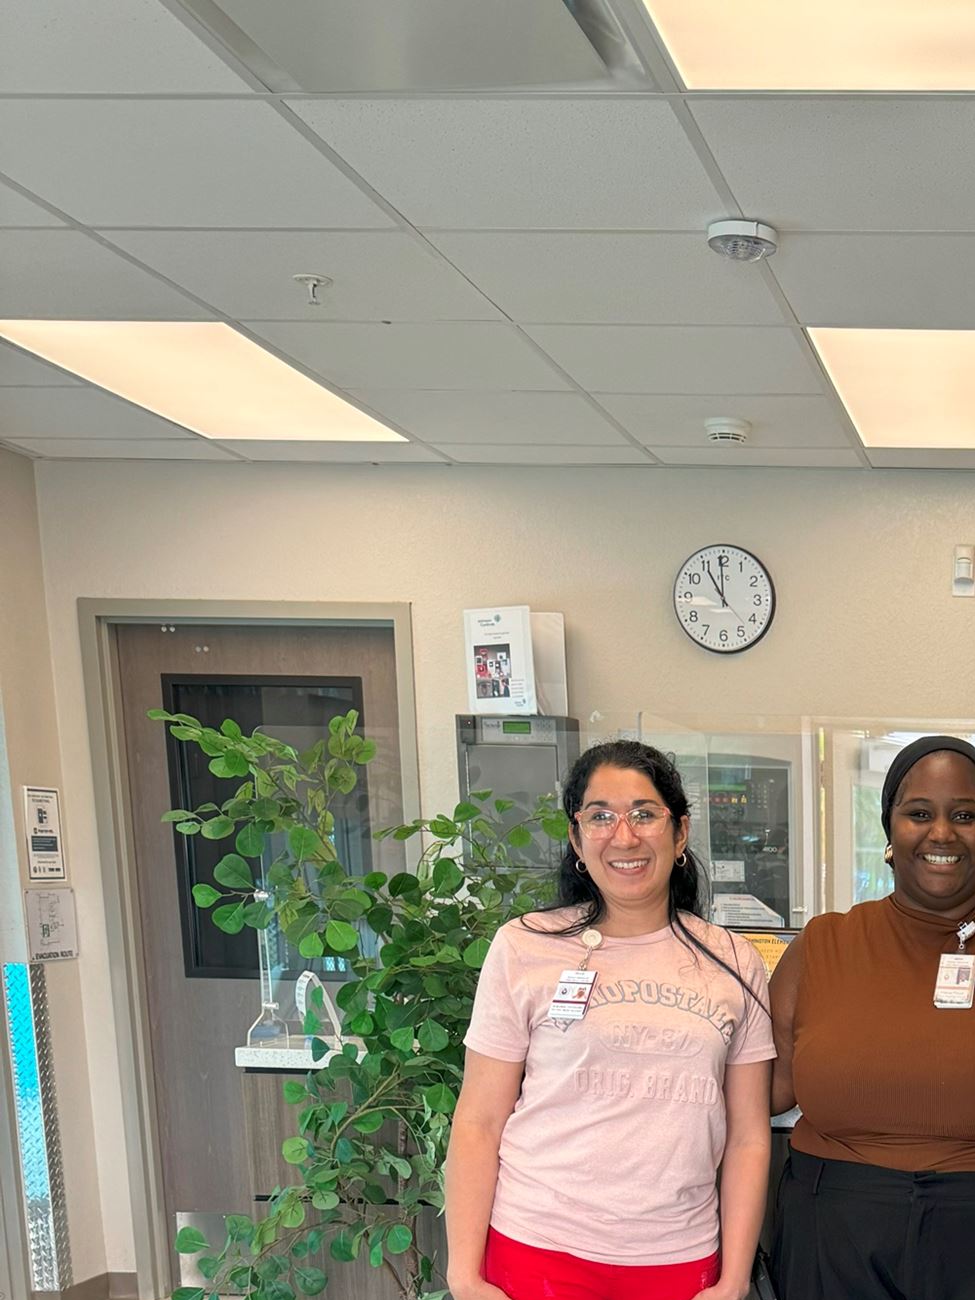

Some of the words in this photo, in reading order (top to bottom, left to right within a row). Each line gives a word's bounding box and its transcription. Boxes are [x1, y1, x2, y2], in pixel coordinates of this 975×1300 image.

[701, 560, 710, 571] 11
[739, 561, 743, 573] 1
[688, 573, 701, 585] 10
[749, 575, 758, 587] 2
[684, 591, 693, 603] 9
[753, 594, 762, 606] 3
[689, 610, 698, 622] 8
[748, 613, 756, 624] 4
[702, 624, 710, 636] 7
[719, 629, 728, 641] 6
[737, 626, 745, 637] 5
[643, 1068, 719, 1106] BRAND

__Task instructions__
All of the entries above should be copied exactly, except for the pictures.

__Solution for this problem__
Some of the words in this photo, in reading order (top to bottom, left to right within a row). Each line gives a word's bounding box and its transcription. Boxes are [x1, y1, x2, y2], in pixel coordinates of this 975×1300 image.

[701, 560, 710, 571] 11
[739, 561, 743, 573] 1
[688, 573, 701, 585] 10
[749, 575, 758, 587] 2
[684, 591, 693, 603] 9
[753, 594, 762, 606] 3
[689, 610, 698, 622] 8
[748, 613, 756, 624] 4
[702, 624, 710, 636] 7
[719, 629, 728, 641] 6
[737, 626, 745, 637] 5
[643, 1068, 719, 1106] BRAND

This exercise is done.